First of all, we would like to stress that the rules governing currency exchange in the Shari`ah are different from those of the commodities. In Arabic, currency exchange is known as sarf, and such sarf is permissible with certain conditions that will be clarified in the following fatwa issued by Dr. Monzer Kahf, a prominent Muslim economist and counselor: “Currency transaction are used very often as a vehicle for Riba-based borrowing/lending. Therefore, the rules of currency exchange are not the same in the Shari’ah as the rules of other commodities (very similar to currencies the exchange of what we call cash crops, and at the time of the Prophet Muhammad (peace and blessings be upon him) the cash crops were wheat, barley, date and dried grape).

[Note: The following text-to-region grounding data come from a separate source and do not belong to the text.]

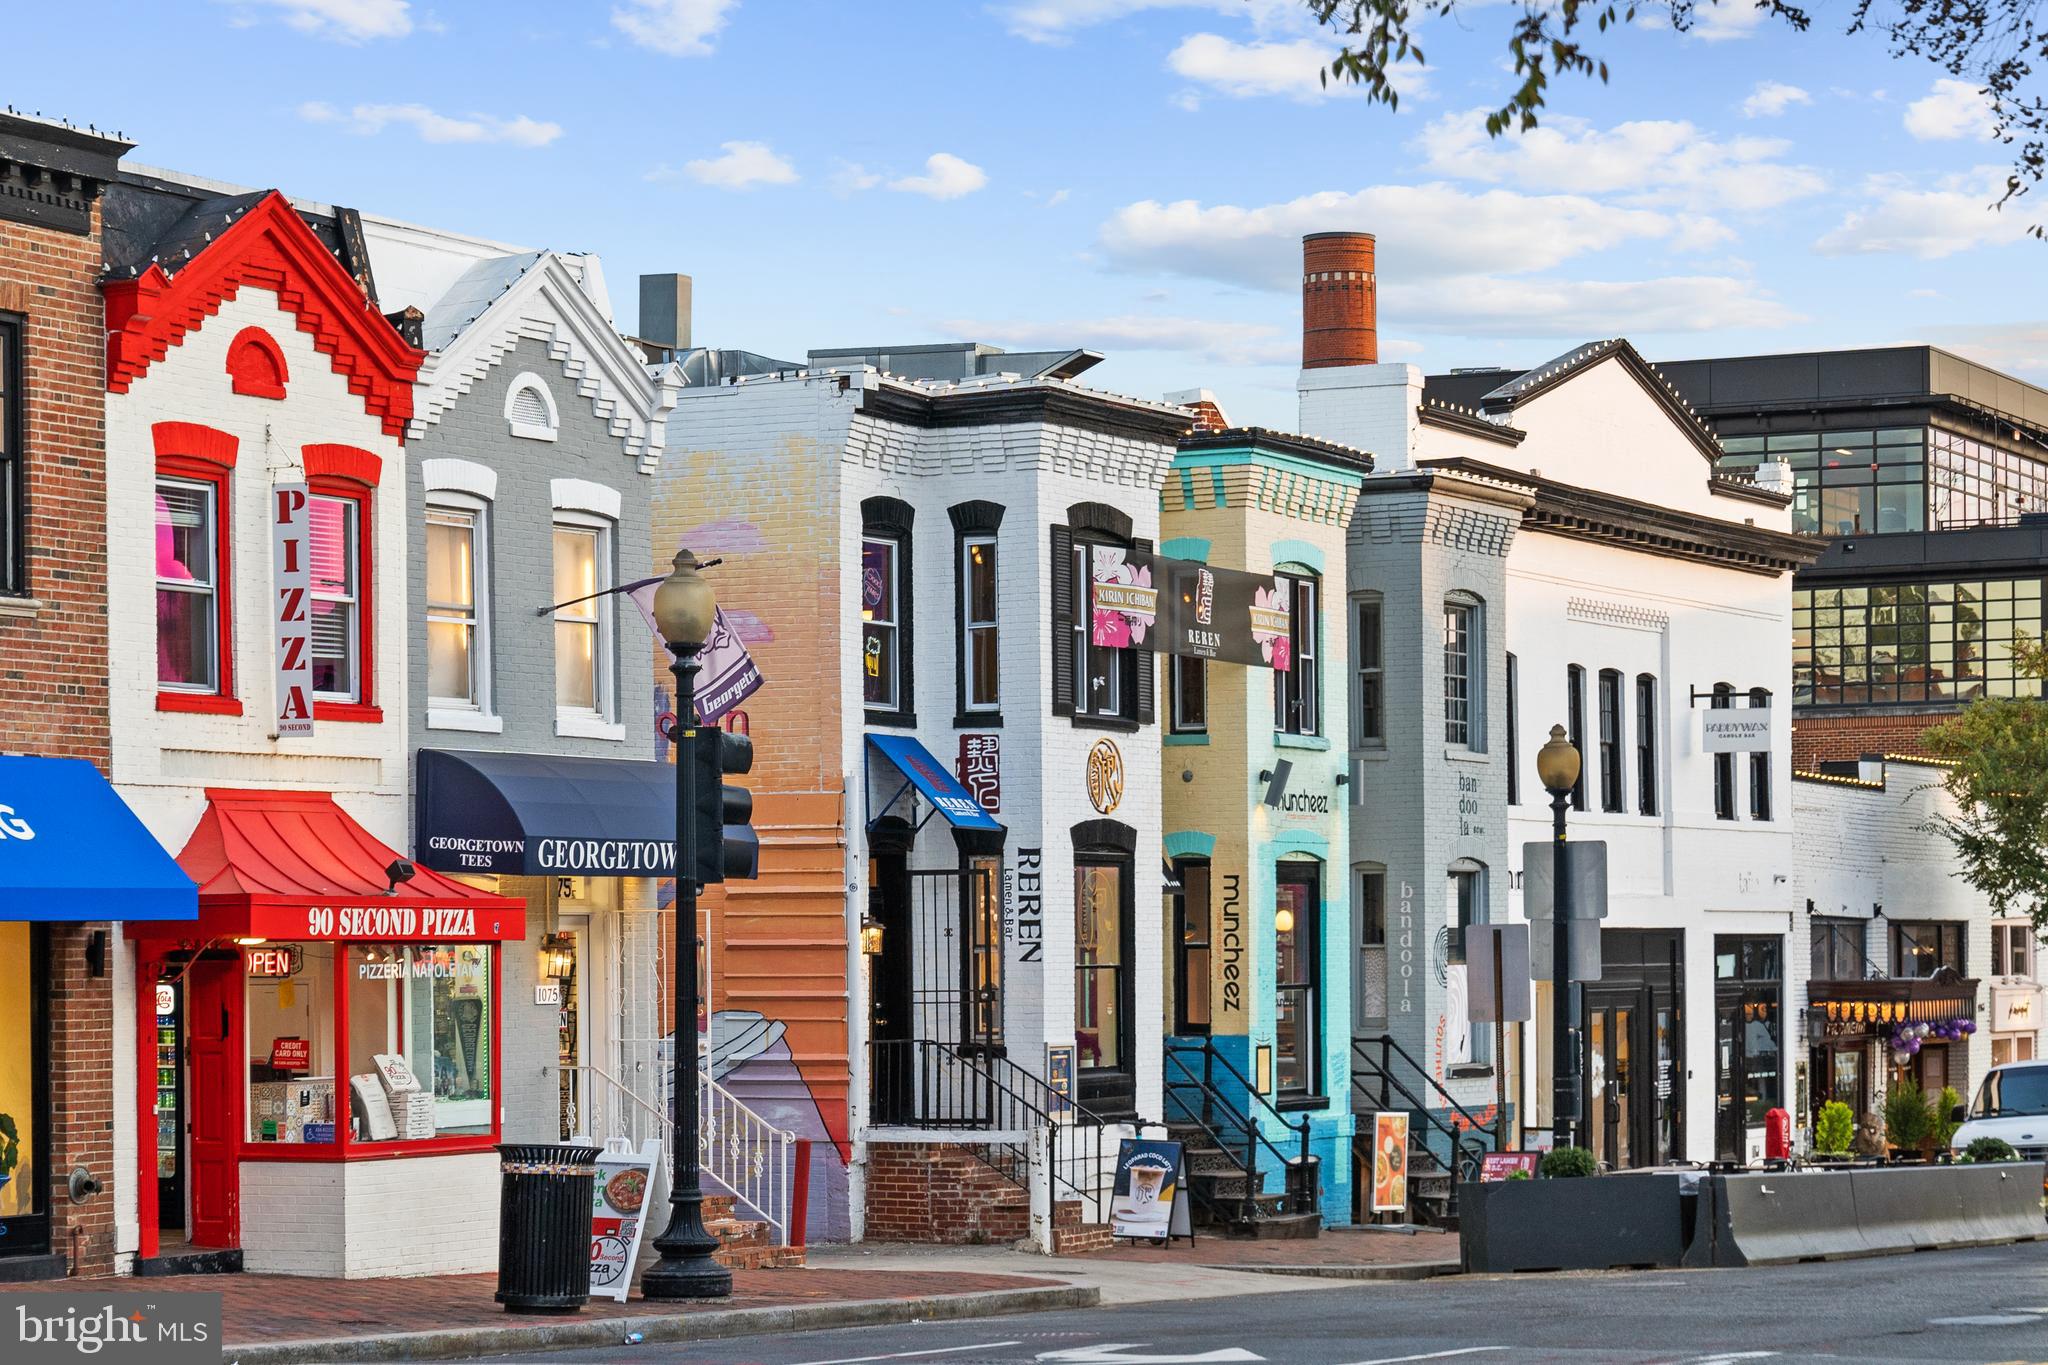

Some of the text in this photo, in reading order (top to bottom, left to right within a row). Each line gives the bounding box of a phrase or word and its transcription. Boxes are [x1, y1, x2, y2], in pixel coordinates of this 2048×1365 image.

[276, 490, 311, 720] PIZZA
[1098, 589, 1154, 608] KIRIN ICHIBAN
[1188, 629, 1220, 647] REREN
[287, 723, 311, 732] SECOND
[1458, 770, 1477, 793] ban
[1458, 794, 1478, 815] doo
[429, 836, 525, 853] GEORGETOWN
[459, 853, 492, 868] TEES
[1004, 868, 1014, 941] Lamen & Bar
[1017, 847, 1042, 962] REREN
[308, 907, 476, 937] 90 SECOND PIZZA
[1223, 874, 1244, 1012] muncheez
[1400, 881, 1413, 1013] bandoola
[538, 987, 559, 1002] 1075
[275, 1049, 308, 1058] CARD ONLY
[280, 1042, 302, 1050] CREDIT
[1148, 1152, 1163, 1161] COCO
[600, 1254, 624, 1262] Second

Currency exchange is called in Arabic and in the Fiqh literature “sarf” and the rules of sarf are basically derived from an authentic Prophetic Hadith where the Prophet (peace and blessings be upon him) is reported to have said: “Do not sell gold for gold, except like for like, and do not differentiate among it; and do not sell silver for silver except like for like, and do not differentiate among it, and of these, (gold and silver), do not sell something present for something to be later delivered.” (Reported by Muslim)
Contemplating over the words of the Prophetic Hadith, I can say that it introduces two Conditions:
1. The transaction must be completed with delivery at the time of the contract.

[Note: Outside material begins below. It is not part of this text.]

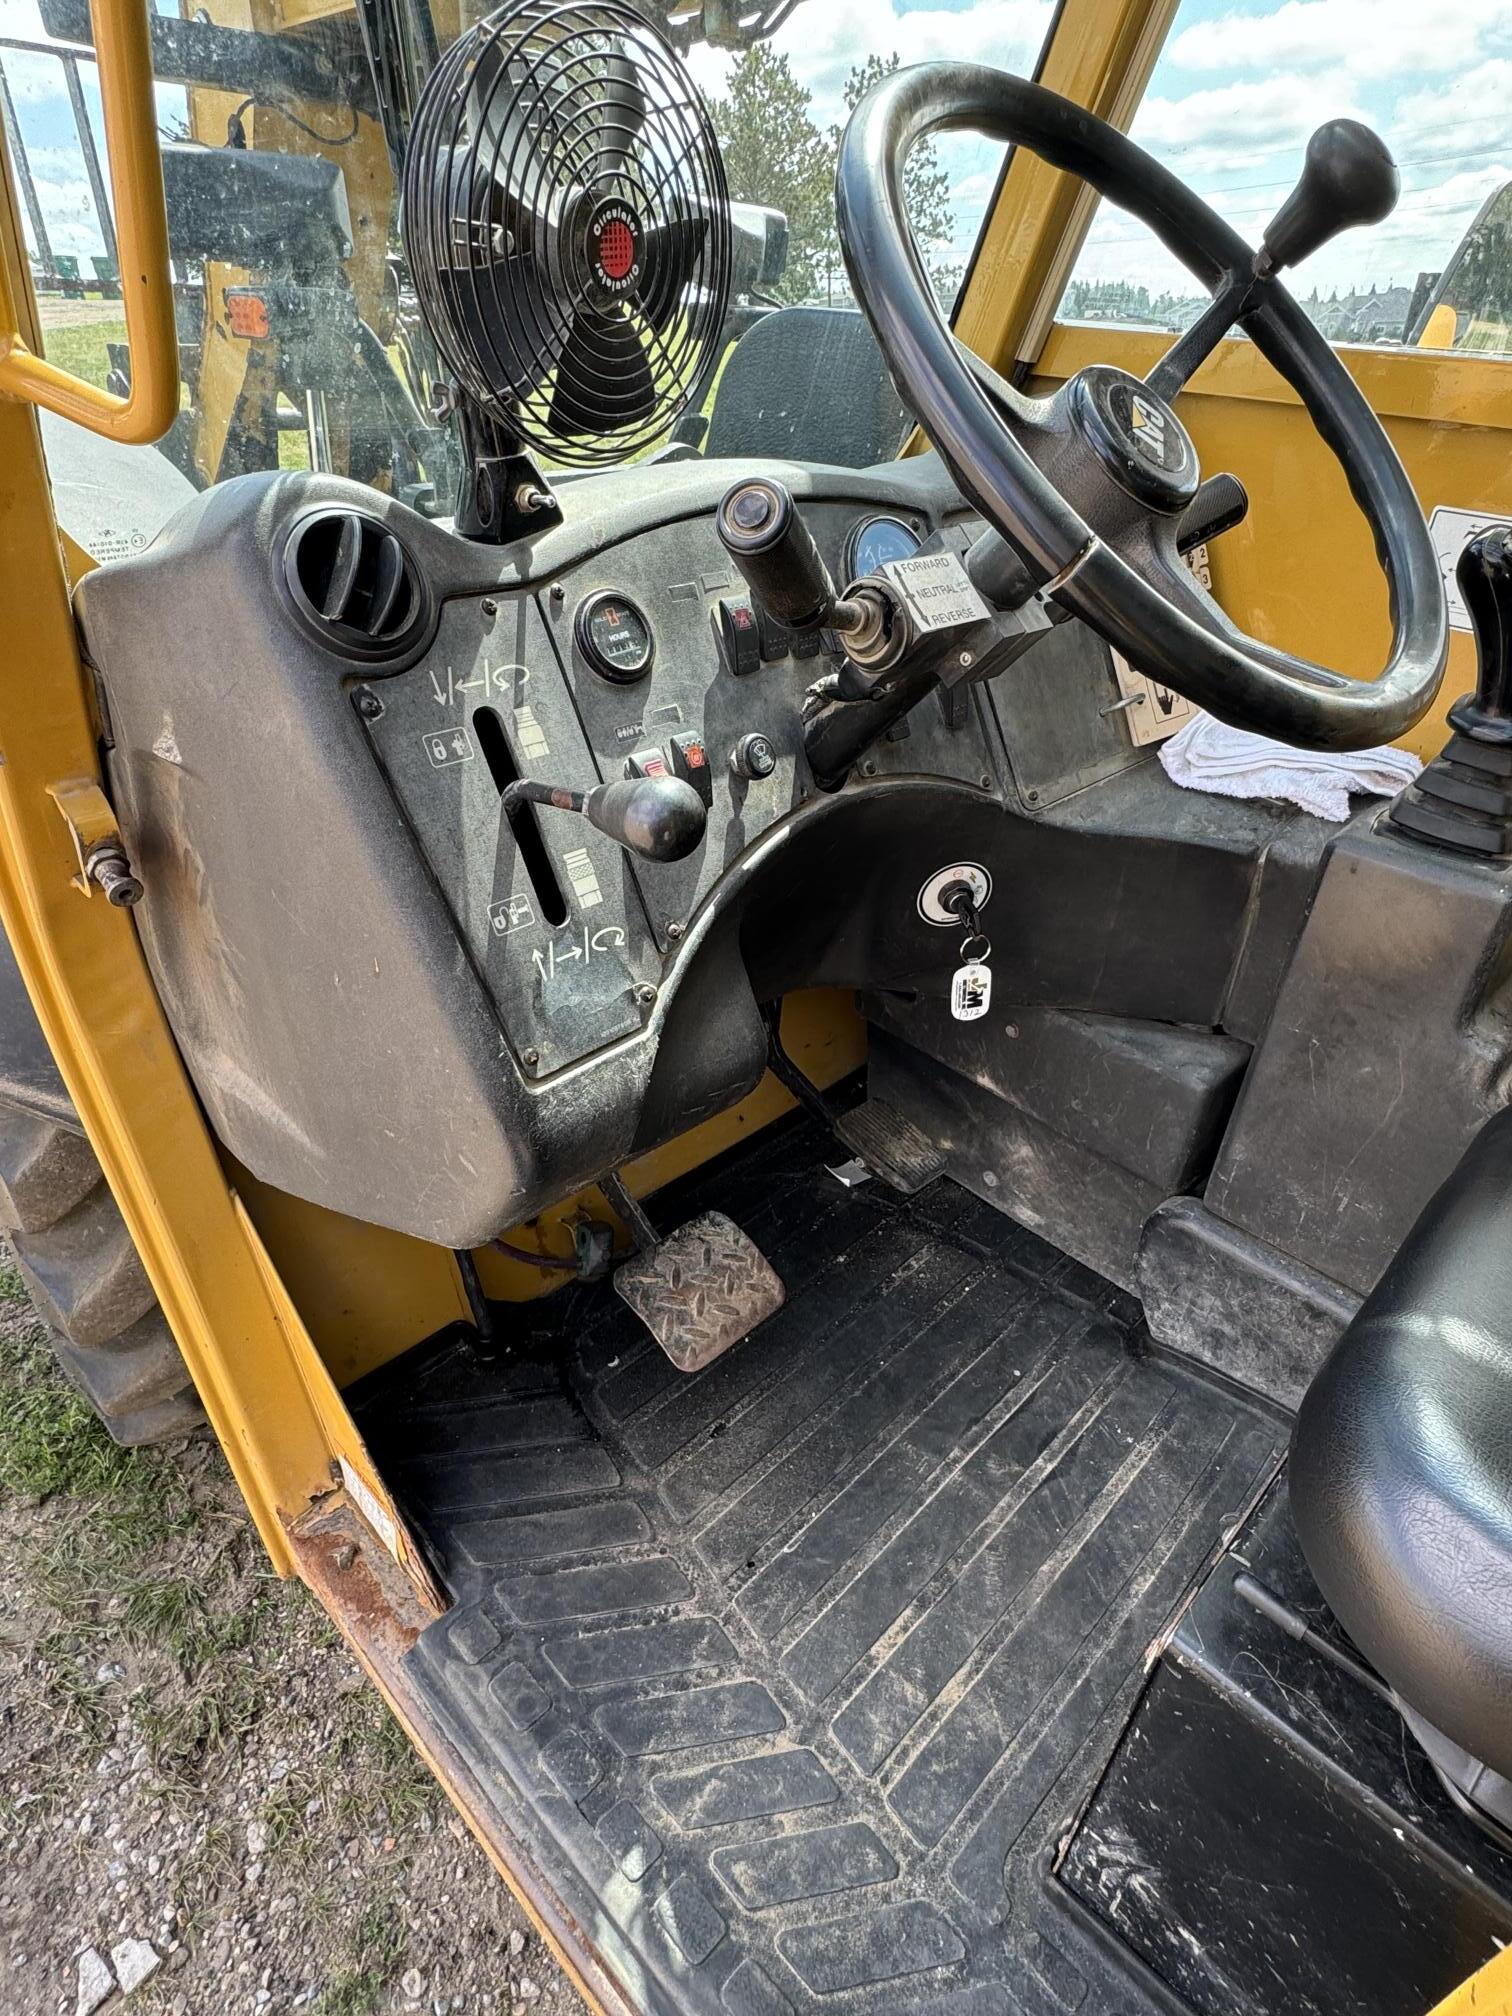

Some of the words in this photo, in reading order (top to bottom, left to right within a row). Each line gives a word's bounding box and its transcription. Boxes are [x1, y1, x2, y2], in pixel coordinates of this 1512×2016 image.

2. If you exchange the same currency (or any of the other four commodities), the quantity must be the same regardless of differences in qualities.

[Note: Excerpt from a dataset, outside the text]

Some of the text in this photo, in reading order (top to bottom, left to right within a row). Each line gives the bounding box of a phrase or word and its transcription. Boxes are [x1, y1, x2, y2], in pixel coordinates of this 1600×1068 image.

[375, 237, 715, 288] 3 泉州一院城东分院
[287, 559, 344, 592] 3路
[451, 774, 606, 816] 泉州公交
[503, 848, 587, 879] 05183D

The Hadith then requires that any sarf must have immediate delivery at the time of contract of both currencies exchanged.
Based on this, in currencies both long and short are not permissible because both do not fulfill the condition of immediate delivery or what is known in Arabic as yadan bi yad.
Spot currency transactions in the NY exchange are executed (delivered) within three days. But although this is not literally yadan bi yad the OIC Fiqh academy rightly considered delivery as immediate because this is the normal time the no-delayed-delivery transaction takes and the followers of the Maliki school of thought argue that a very short period for delivery does not matter as long as the transaction is
not meant to be a deferred one.
Having said this, I should ascertain that you should be careful as you were incorrect in thinking that long currency is clear. Rather, long currency transaction is as forbidden as the short because both of them have a period of time for delivery.
Moreover, one more problem in both the long and the short seems to me in need of some clarification.
In Shari’ah, sale contract may delay either delivery or payment but not both; while in the long and short transactions both are delayed and only a margin is paid by both the seller and the buyer. The OIC Fiqh Academy issued a famous resolution on commodity exchange in which it considered both the long and the short in violation of the Shari’ah conditions and it called for taking the Shari’ah known contract of that salam (that requires full payment at the time of the contract) as a basis for any delivery-deferred transaction in commodities. You may notice that the heat of the market is reduced drastically if you eliminate contracting on margins only and this is one of the objectives of the Islamic Fiqh: to bring transactions down to earth and keep them in close ties with reality or actuality.